Digital health round-up: CVS starts to deliver prescriptions, pre-empting Amazon move
US chain CVS Pharmacy is rolling out delivery for prescriptions and some over-the-counter medicines across the US, pre-empting a similar move expected from Amazon.
Amazon is expected to make a serious bid to enter the prescription medicines market in the near future, and has already launched a line of over-the-counter medicines manufactured exclusively for it by Dublin-based Perrigo.
In a move interpreted as an attempt to stay ahead of Amazon, CNBC reported that CVS is expanding a same-day delivery service already piloted in New York City last year to cities such as Boston, Miami, Philadelphia, San Francisco and Washington, D.C.
Customers will be able to receive their orders either one or two days after placing them, and some in urban markets will be able to receive orders the same day.
CVS Pharmacy’s president Kevin Hourican, said the service will be initially rolled out to around 9,800 stores.
For orders filled and delivered and in one or two days, CVS will charge $4.99, while same-day delivery will cost $8.99.
Gawande heads up Amazon’s healthcare revolution
Meanwhile Amazon, Berkshire Hathaway and JP Morgan Chasehave hired respected surgeon and writer Atul Gawande to head their joint venture that aims to revolutionise the US healthcare system.
The three companies made waves in January when they laid plans to cut costs in the US healthcare system, which they argue is too expensive and is damaging economic progress.
Amazon has revolutionised retail with its digital technology, and there is speculation that it may begin to disrupt the healthcare market too after the latest move.
Gawande practices general and endocrine surgery at Brigham and Women’s Hospital in Boston, Massachusetts, and at Harvard Medical School.
He is also executive director of Ariadne Labs, a joint centre for health systems innovation, and chairman of Lifebox, a non-profit organisation dedicated to making surgery safer globally.
Details are sketchy about how the new non-profit company will develop its new, leaner healthcare model and the choice to hire Atul Gawande as CEO is the first indication of the direction of travel.
Commentators think that Amazon may attempt to cut out the “middle man” in the US drug prescription and reimbursement system.

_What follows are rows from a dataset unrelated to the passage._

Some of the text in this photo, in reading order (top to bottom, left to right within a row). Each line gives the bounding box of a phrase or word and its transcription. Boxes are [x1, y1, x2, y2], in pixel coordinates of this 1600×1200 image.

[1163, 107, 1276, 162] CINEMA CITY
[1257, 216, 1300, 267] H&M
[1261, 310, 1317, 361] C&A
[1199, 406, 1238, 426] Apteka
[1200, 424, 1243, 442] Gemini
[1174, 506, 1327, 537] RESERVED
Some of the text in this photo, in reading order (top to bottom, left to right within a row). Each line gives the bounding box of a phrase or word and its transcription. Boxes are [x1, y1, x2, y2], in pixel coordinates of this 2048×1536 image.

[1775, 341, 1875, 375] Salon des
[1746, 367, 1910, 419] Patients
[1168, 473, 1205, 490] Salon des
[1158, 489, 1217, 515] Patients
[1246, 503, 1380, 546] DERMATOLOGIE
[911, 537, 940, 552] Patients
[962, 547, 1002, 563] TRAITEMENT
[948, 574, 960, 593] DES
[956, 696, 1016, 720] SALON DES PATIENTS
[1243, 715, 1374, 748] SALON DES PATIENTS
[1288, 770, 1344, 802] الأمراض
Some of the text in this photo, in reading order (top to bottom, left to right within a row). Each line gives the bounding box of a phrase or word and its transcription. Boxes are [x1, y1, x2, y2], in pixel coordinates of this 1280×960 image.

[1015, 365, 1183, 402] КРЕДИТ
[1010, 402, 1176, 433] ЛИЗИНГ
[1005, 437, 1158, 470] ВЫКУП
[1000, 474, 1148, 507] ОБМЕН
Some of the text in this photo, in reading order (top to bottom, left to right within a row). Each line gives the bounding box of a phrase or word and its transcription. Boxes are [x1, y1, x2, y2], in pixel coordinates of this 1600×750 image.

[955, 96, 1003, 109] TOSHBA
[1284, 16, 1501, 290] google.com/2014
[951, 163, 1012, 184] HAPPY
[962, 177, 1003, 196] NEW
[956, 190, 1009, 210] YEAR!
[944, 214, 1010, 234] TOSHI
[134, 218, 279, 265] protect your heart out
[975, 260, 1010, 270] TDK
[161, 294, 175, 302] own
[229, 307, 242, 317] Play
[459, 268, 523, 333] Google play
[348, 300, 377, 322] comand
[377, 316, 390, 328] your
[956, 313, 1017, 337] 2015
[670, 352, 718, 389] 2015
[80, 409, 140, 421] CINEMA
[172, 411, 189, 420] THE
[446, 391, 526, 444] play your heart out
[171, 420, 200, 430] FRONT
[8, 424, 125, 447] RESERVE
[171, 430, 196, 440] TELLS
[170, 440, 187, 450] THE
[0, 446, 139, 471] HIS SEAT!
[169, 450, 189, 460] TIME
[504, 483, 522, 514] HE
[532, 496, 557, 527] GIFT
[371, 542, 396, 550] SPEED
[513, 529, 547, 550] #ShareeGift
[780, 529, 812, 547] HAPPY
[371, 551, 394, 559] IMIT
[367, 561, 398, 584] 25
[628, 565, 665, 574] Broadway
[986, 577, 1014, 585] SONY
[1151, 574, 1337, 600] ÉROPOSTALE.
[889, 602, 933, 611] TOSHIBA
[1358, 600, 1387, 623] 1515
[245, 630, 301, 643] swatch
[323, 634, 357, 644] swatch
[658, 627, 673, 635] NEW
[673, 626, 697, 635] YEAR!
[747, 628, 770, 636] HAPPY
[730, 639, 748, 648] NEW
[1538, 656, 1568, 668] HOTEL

In the US, pharmacy benefit managers have taken on the role of running formularies for insurance companies, and removing this link in the chain and doing deals with wholesalers and manufacturers is one way the company could reduce costs.
When the joint venture was first announced shares fell in pharmacy benefit managers such as CVS Health Corp and Express Scripts because of concerns, given the disruptive influence that Amazon has had in other industries such as retail.
Reuters reported that Leerink Partners analyst Ana Gupte said that the appointment suggests that the coalition is not just looking at the “drug value chain” in isolation, but at the overall healthcare system across payers and providers.
This tallies with the views expressed in Gawande’s writing in the New Yorker magazine – in this article he explores the American attitude towards health, and how the benefits of a healthcare system can be more widely shared in society.
Gawande speaks of the “generations-old error of yoking health care to jobs” – suggesting that the kind of reform he would like to see extends far beyond tinkering with the drug prescription system in the US.
Trinity’s digital health incubator
Digital health start-ups from Ireland and Europe have joined a new incubator programme at Trinity College Dublin.
The EIT Health Validator aims to identify new technologies promoting healthy living, support active ageing and improve health systems.
According to the website Irish Tech News the initiative is the first of its kind in the Republic of Ireland.
Hosted by the Innovation and Entrepreneurship Hub at Trinity in collaboration with the European Institute for Innovation and Technology, the incubator is open to health tech start-ups founded by professionals and researchers working in the medical and tech sector across Europe.
The Incubutor will enable early stage digital health businesses to validate their ideas and identify suitable markets for their products.
The 10 start-ups already signed include companies from Ireland, Germany, the Netherlands, Spain, Finland, Poland and Latvia.
For the next six weeks they will validate their products before beginning a two-week tour of four health tech hubs across Europe.